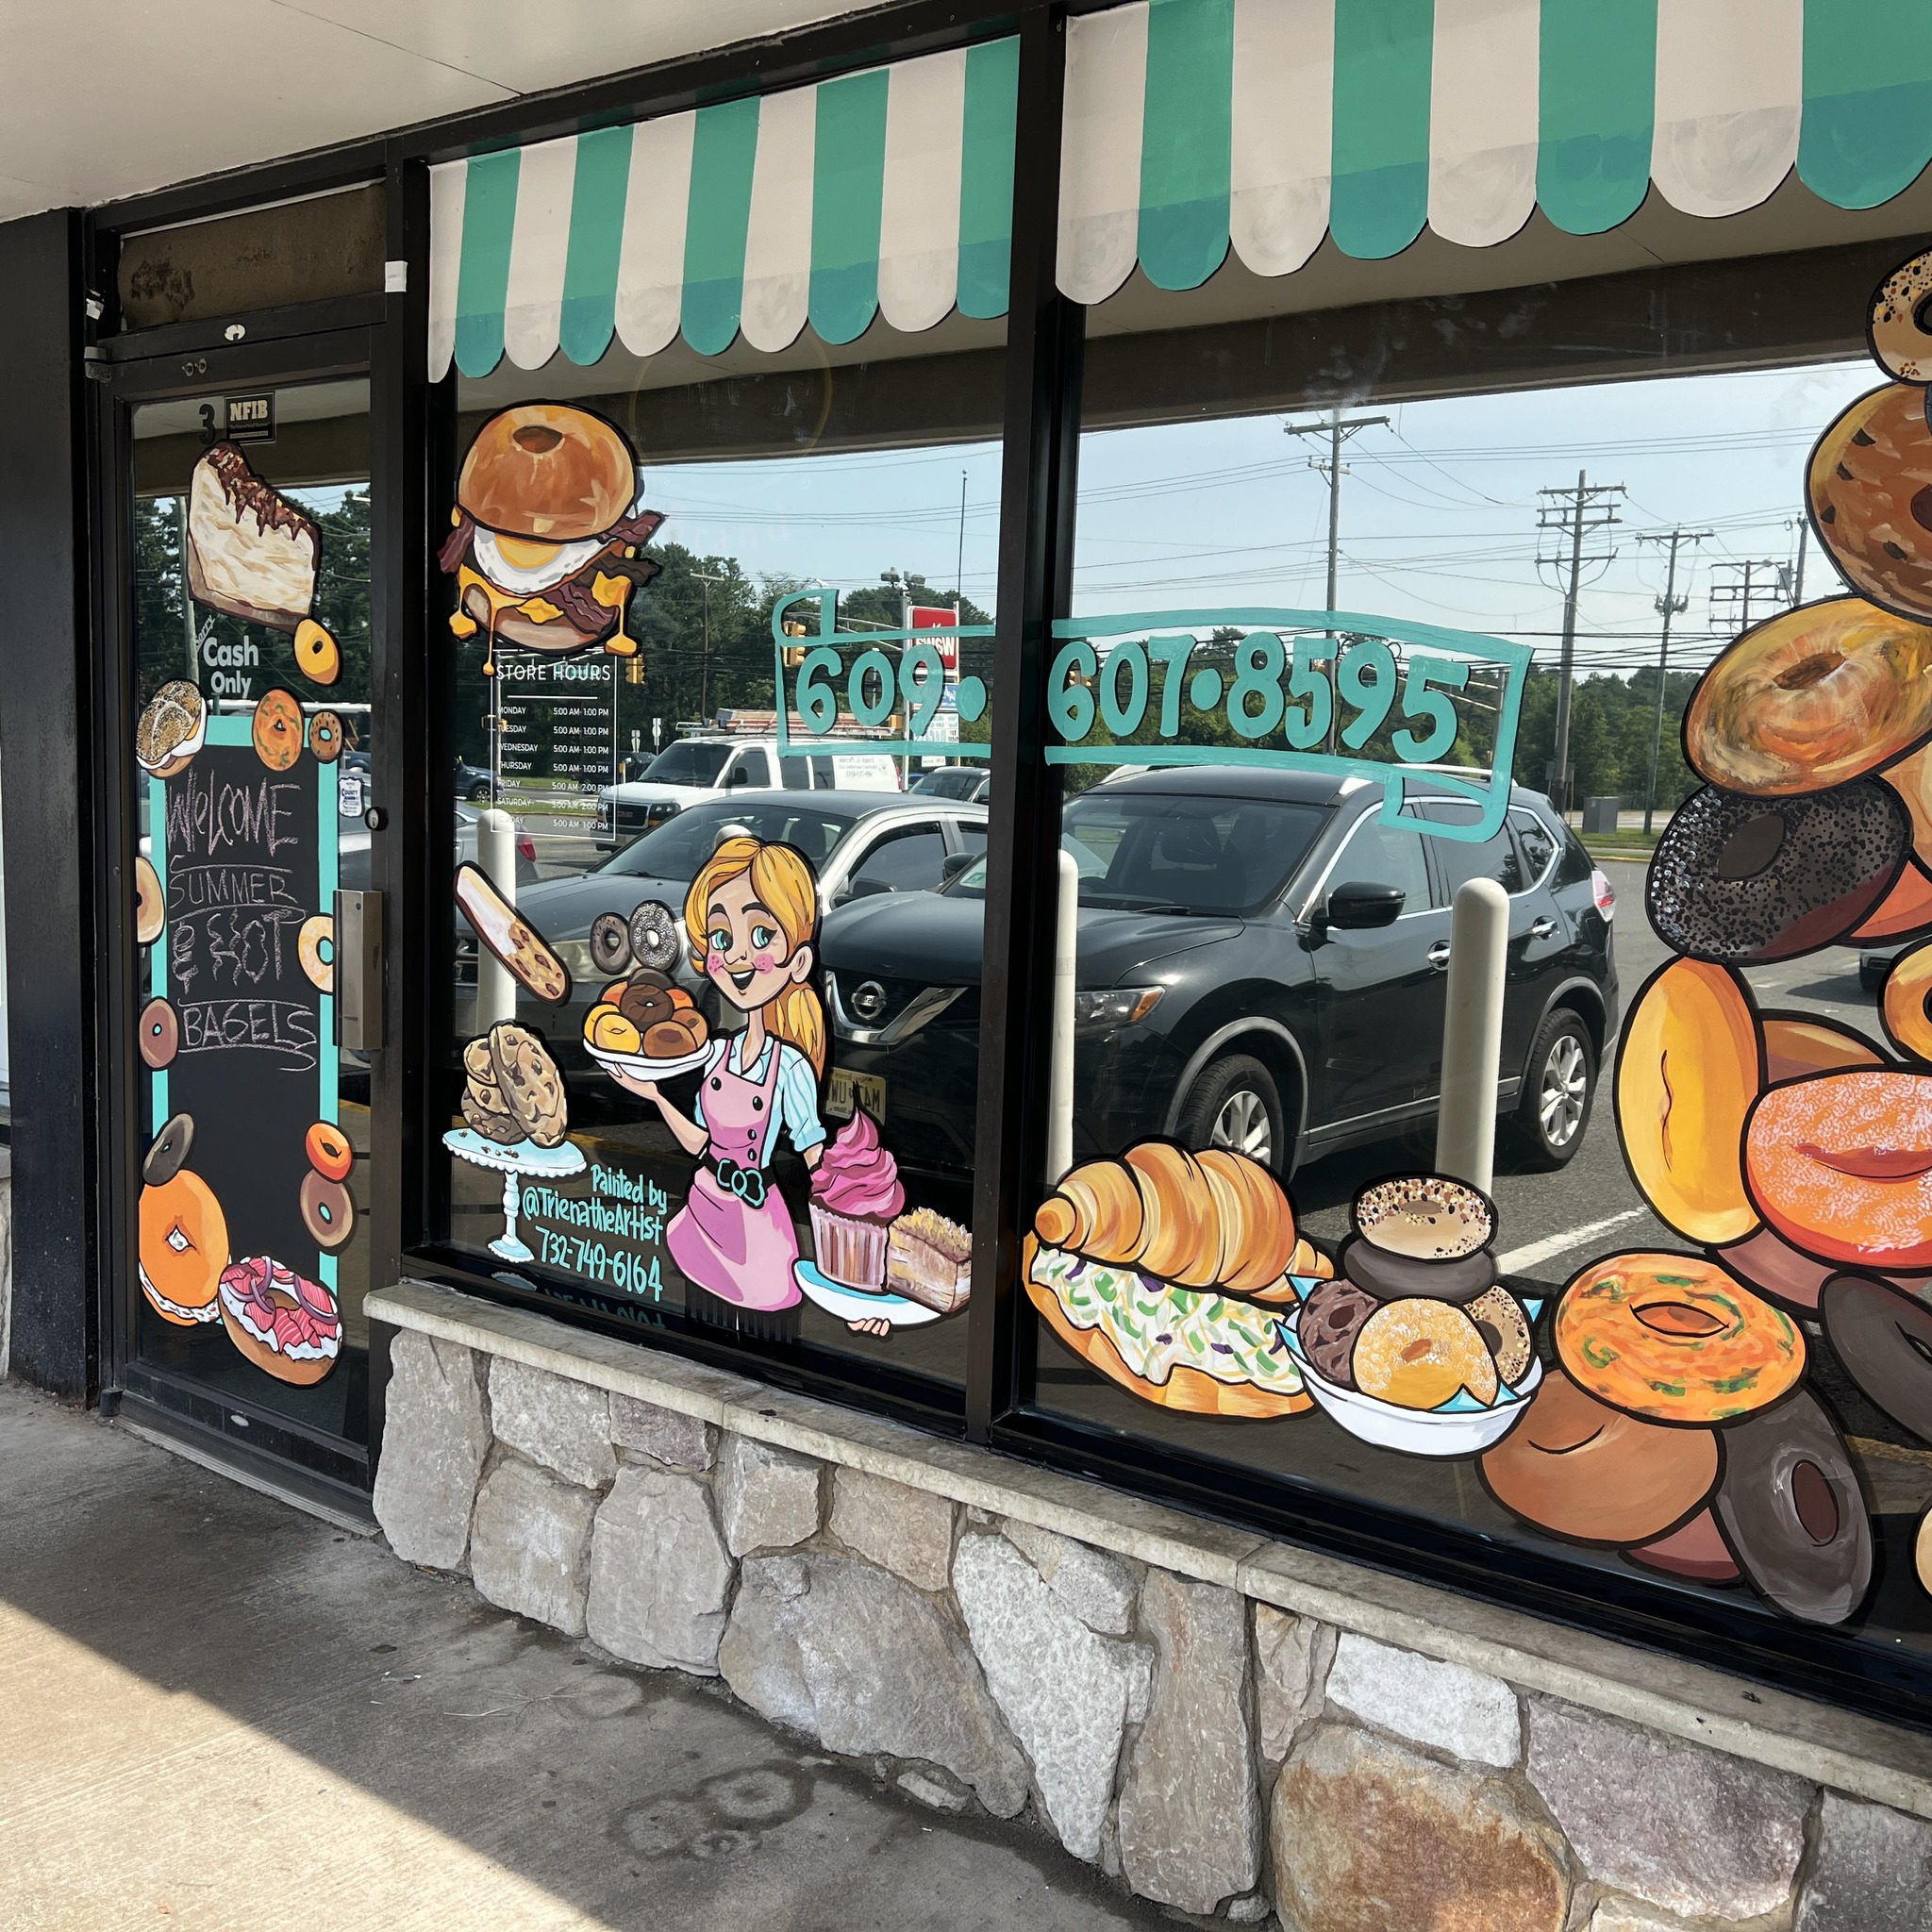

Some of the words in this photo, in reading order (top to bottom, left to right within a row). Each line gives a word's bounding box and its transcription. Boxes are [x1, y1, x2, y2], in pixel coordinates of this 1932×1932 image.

[230, 400, 268, 421] NFIB
[198, 403, 216, 445] 3
[203, 635, 259, 667] Cash
[210, 670, 252, 700] Only
[496, 664, 547, 681] STORE
[553, 664, 611, 681] HOURS
[583, 708, 597, 716] 1:00
[598, 708, 609, 716] PM
[598, 727, 609, 736] PM
[583, 745, 597, 754] 1:00
[598, 746, 609, 755] PM
[553, 763, 568, 772] 5:00
[597, 765, 609, 774] PM
[552, 782, 567, 791] 5:00
[497, 797, 532, 807] SATURDAY
[597, 804, 609, 812] PM
[597, 822, 609, 830] PM
[169, 868, 298, 909] SUMMER
[206, 908, 293, 988] HOT
[181, 1003, 317, 1050] BAGELS
[591, 1163, 643, 1204] Painted
[648, 1179, 667, 1215] by
[522, 1186, 664, 1245] @TrienatheArtist
[535, 1225, 664, 1302] 732-749-6164

.....

REQUIRED WORK: Every record is to be repeated exactly, and no picture is carried over.

SOLVED PROBLEM:
Some of the words in this photo, in reading order (top to bottom, left to right within a row). Each line gives a word's bounding box and its transcription. Boxes are [x1, y1, x2, y2], in pixel coordinates of this 1932×1932 image.

[230, 400, 268, 421] NFIB
[198, 403, 216, 445] 3
[203, 635, 259, 667] Cash
[210, 670, 252, 700] Only
[496, 664, 547, 681] STORE
[553, 664, 611, 681] HOURS
[583, 708, 597, 716] 1:00
[598, 708, 609, 716] PM
[598, 727, 609, 736] PM
[583, 745, 597, 754] 1:00
[598, 746, 609, 755] PM
[553, 763, 568, 772] 5:00
[597, 765, 609, 774] PM
[552, 782, 567, 791] 5:00
[497, 797, 532, 807] SATURDAY
[597, 804, 609, 812] PM
[597, 822, 609, 830] PM
[169, 868, 298, 909] SUMMER
[206, 908, 293, 988] HOT
[181, 1003, 317, 1050] BAGELS
[591, 1163, 643, 1204] Painted
[648, 1179, 667, 1215] by
[522, 1186, 664, 1245] @TrienatheArtist
[535, 1225, 664, 1302] 732-749-6164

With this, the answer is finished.